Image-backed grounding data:
------

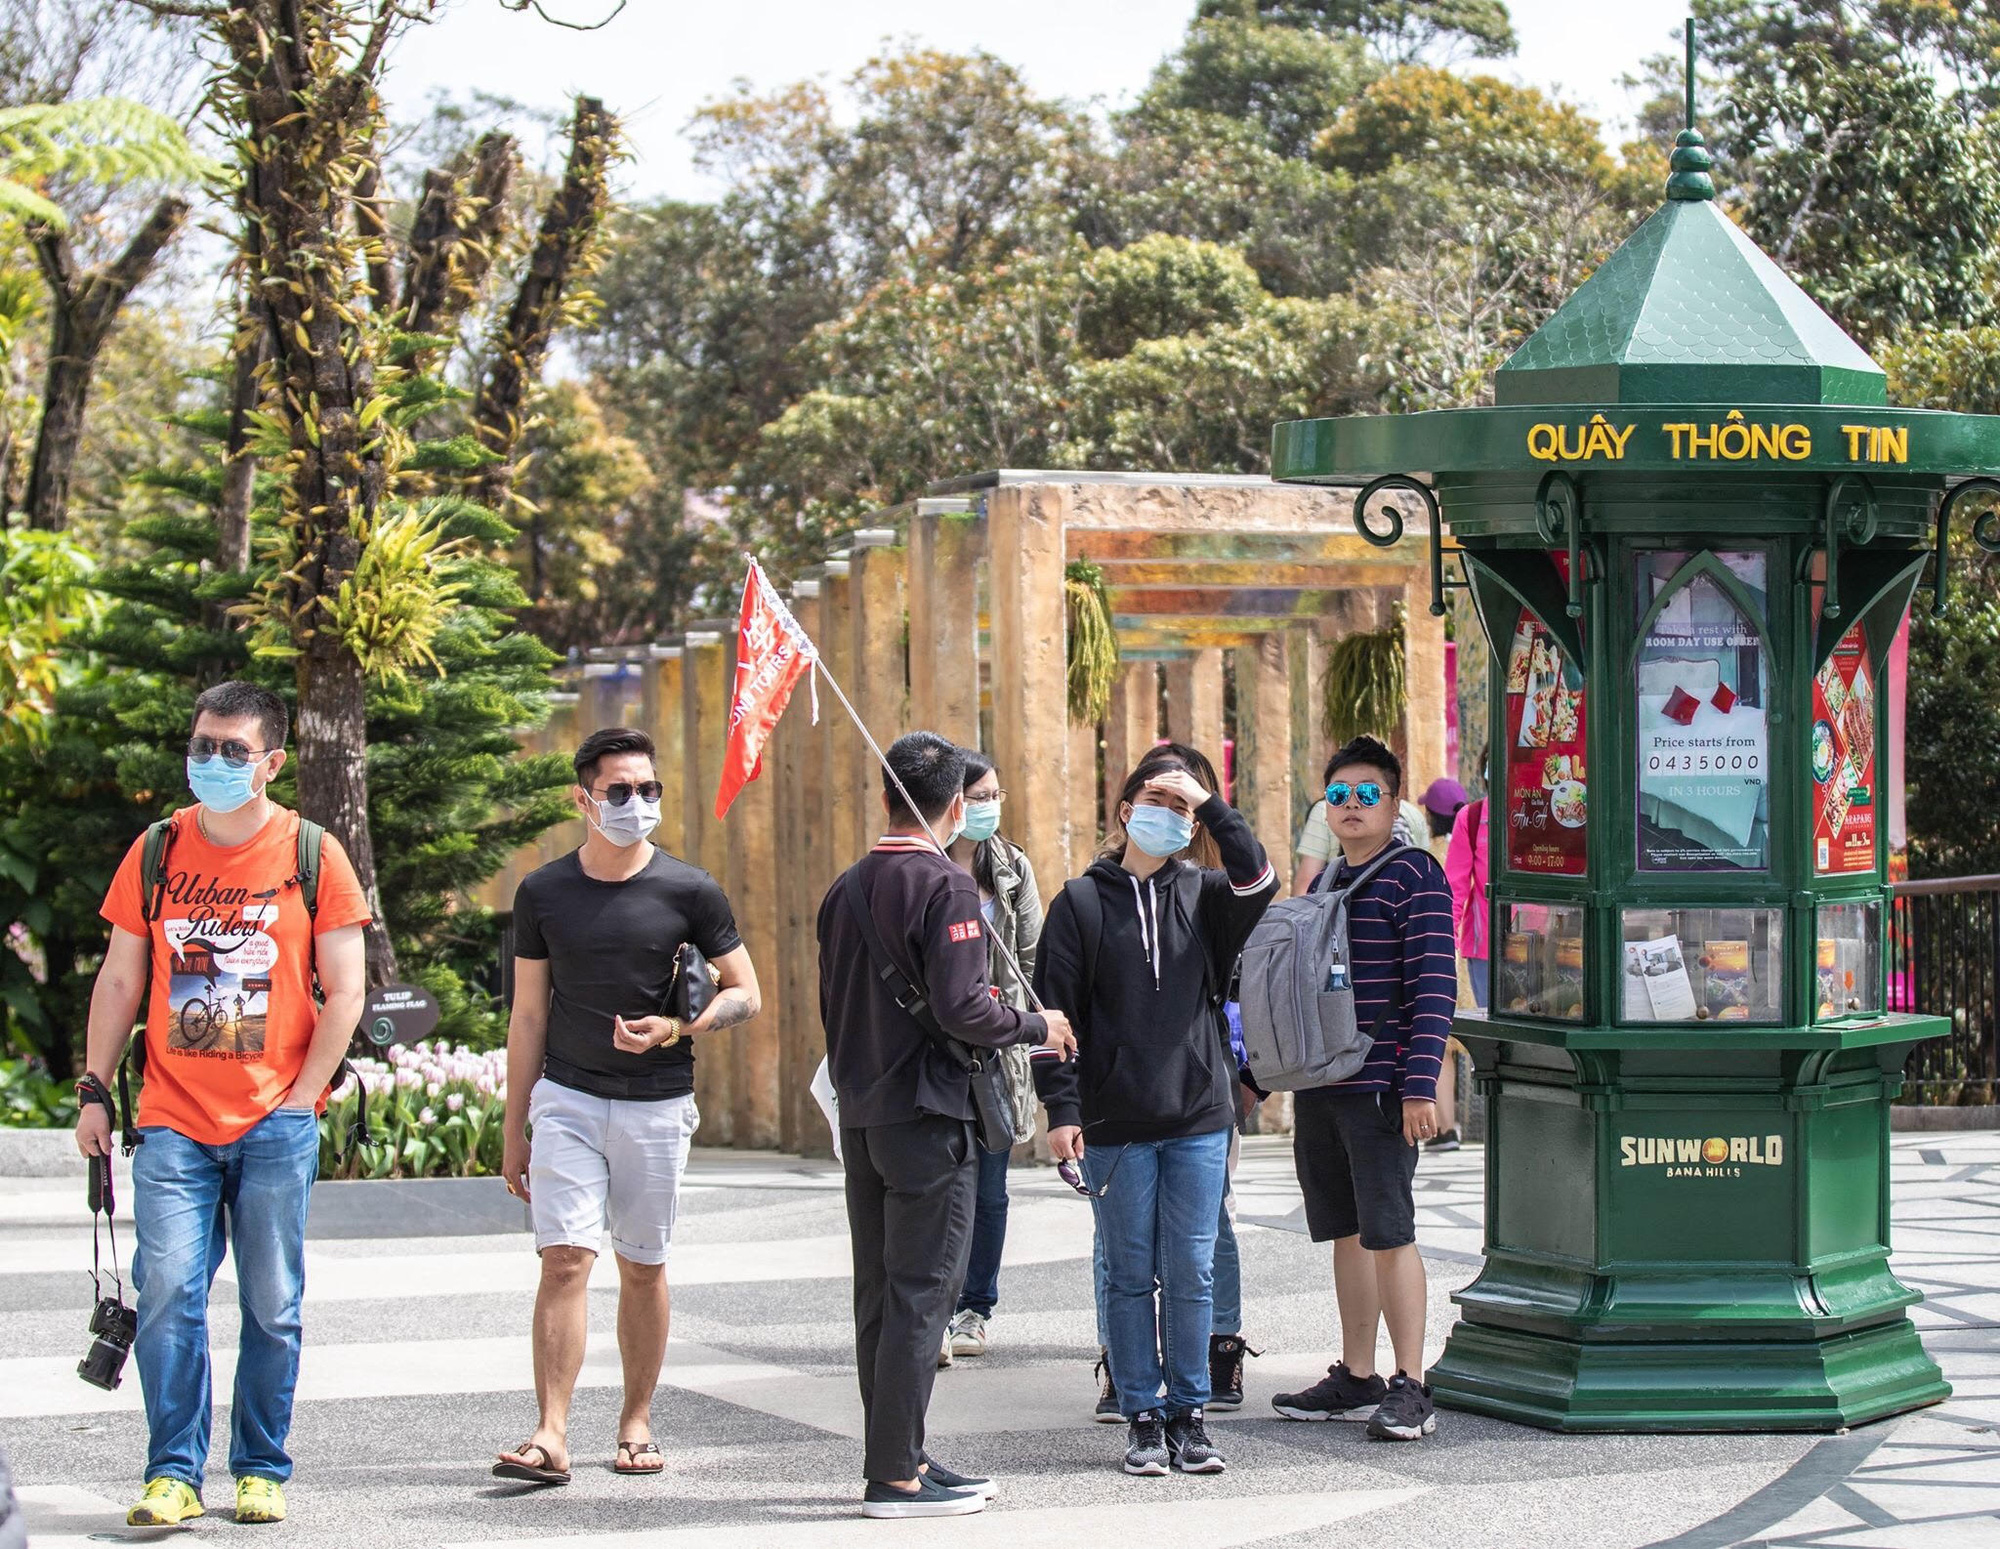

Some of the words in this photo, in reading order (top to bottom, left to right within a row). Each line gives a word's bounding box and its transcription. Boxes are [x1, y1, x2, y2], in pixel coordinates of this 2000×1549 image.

[1526, 413, 1638, 462] QUÂY
[1662, 409, 1812, 461] THÔNG
[1841, 424, 1909, 464] TIN
[1699, 626, 1719, 635] rest
[1722, 624, 1747, 635] with
[1645, 637, 1676, 647] ROOM
[1678, 637, 1701, 647] DAY
[1703, 637, 1724, 647] USE
[750, 644, 793, 694] TOURS
[1653, 736, 1685, 748] Price
[1688, 737, 1723, 748] starts
[1725, 735, 1756, 748] from
[1744, 778, 1762, 786] VND
[1669, 786, 1683, 797] IN
[1686, 786, 1693, 797] 3
[1696, 785, 1742, 797] HOURS
[167, 871, 250, 905] Urban
[176, 905, 259, 941] Riders
[382, 991, 414, 1002] TULIP
[371, 1002, 406, 1012] FLAMING
[405, 1000, 428, 1010] FLAG
[184, 1048, 198, 1058] like
[199, 1049, 227, 1061] Riding
[235, 1050, 264, 1062] Bicycle
[1666, 1167, 1703, 1178] BANA
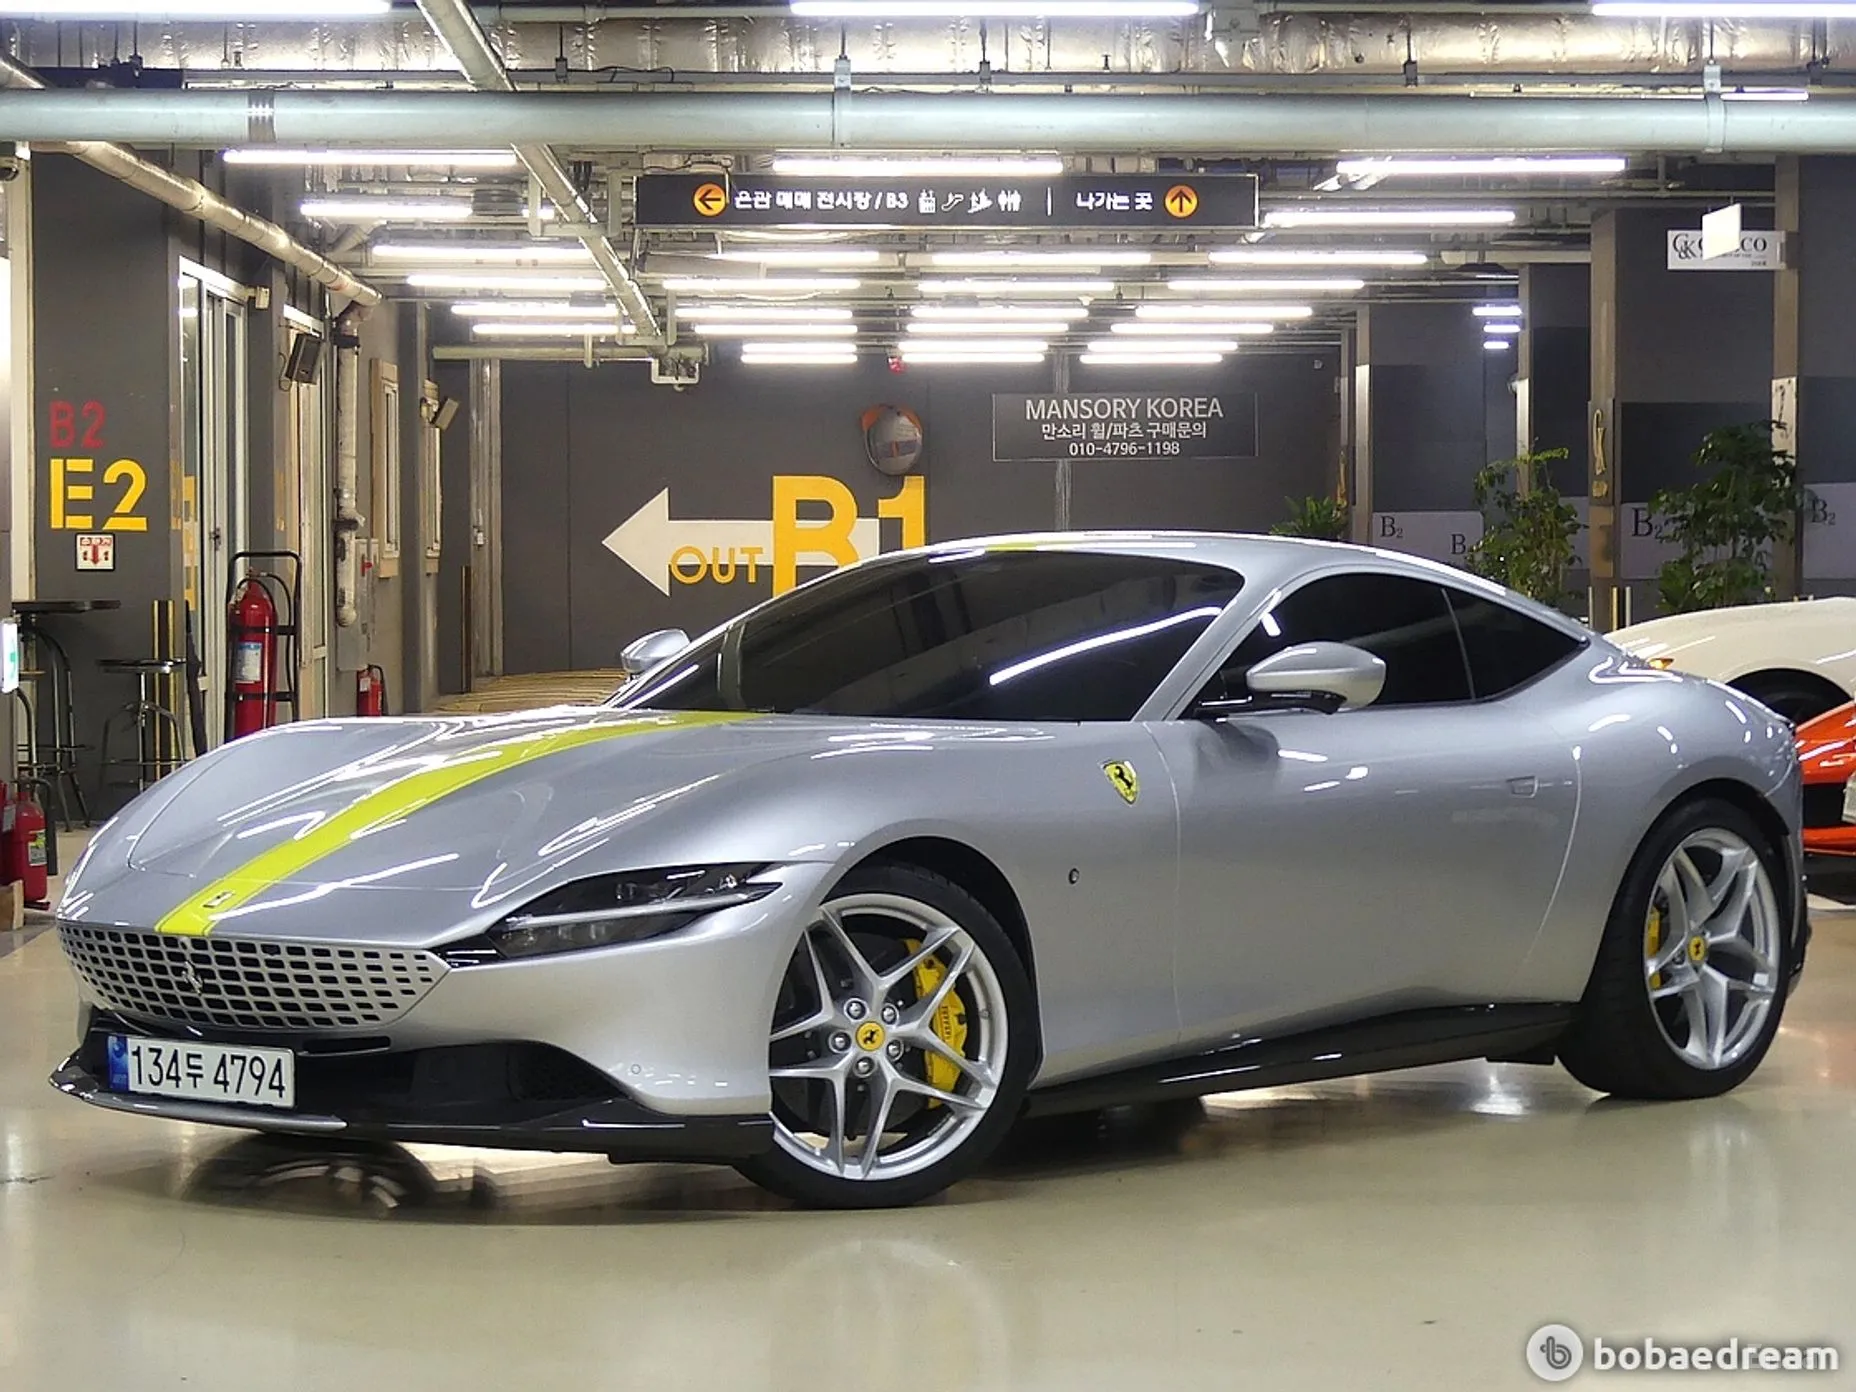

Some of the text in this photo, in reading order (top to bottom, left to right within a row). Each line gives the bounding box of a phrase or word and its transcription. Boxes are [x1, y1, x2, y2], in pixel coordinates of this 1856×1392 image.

[1076, 191, 1153, 210] 나가는 곳
[1025, 397, 1224, 420] MANSORY KOREA
[49, 400, 107, 449] B2
[1041, 421, 1087, 441] 만소리
[1146, 420, 1208, 439] 구매문의
[1069, 441, 1181, 456] 010-4796-1198
[49, 458, 148, 531] E2
[669, 545, 764, 585] OUT
[131, 1045, 286, 1099] 134두 4794

------

Work item: Give every record again exactly, apart from the pictures, which stay out.

Exercise output:
Some of the words in this photo, in reading order (top to bottom, left to right within a row). Each line gives a word's bounding box and its transcription. Boxes are [x1, y1, x2, y2], in pixel coordinates of this 2000×1549 image.

[1526, 413, 1638, 462] QUÂY
[1662, 409, 1812, 461] THÔNG
[1841, 424, 1909, 464] TIN
[1699, 626, 1719, 635] rest
[1722, 624, 1747, 635] with
[1645, 637, 1676, 647] ROOM
[1678, 637, 1701, 647] DAY
[1703, 637, 1724, 647] USE
[750, 644, 793, 694] TOURS
[1653, 736, 1685, 748] Price
[1688, 737, 1723, 748] starts
[1725, 735, 1756, 748] from
[1744, 778, 1762, 786] VND
[1669, 786, 1683, 797] IN
[1686, 786, 1693, 797] 3
[1696, 785, 1742, 797] HOURS
[167, 871, 250, 905] Urban
[176, 905, 259, 941] Riders
[382, 991, 414, 1002] TULIP
[371, 1002, 406, 1012] FLAMING
[405, 1000, 428, 1010] FLAG
[184, 1048, 198, 1058] like
[199, 1049, 227, 1061] Riding
[235, 1050, 264, 1062] Bicycle
[1666, 1167, 1703, 1178] BANA

Some of the text in this photo, in reading order (top to bottom, left to right within a row). Each line gives the bounding box of a phrase or word and its transcription. Boxes are [x1, y1, x2, y2], in pixel coordinates of this 1856×1392 image.

[1076, 191, 1153, 210] 나가는 곳
[1025, 397, 1224, 420] MANSORY KOREA
[49, 400, 107, 449] B2
[1041, 421, 1087, 441] 만소리
[1146, 420, 1208, 439] 구매문의
[1069, 441, 1181, 456] 010-4796-1198
[49, 458, 148, 531] E2
[669, 545, 764, 585] OUT
[131, 1045, 286, 1099] 134두 4794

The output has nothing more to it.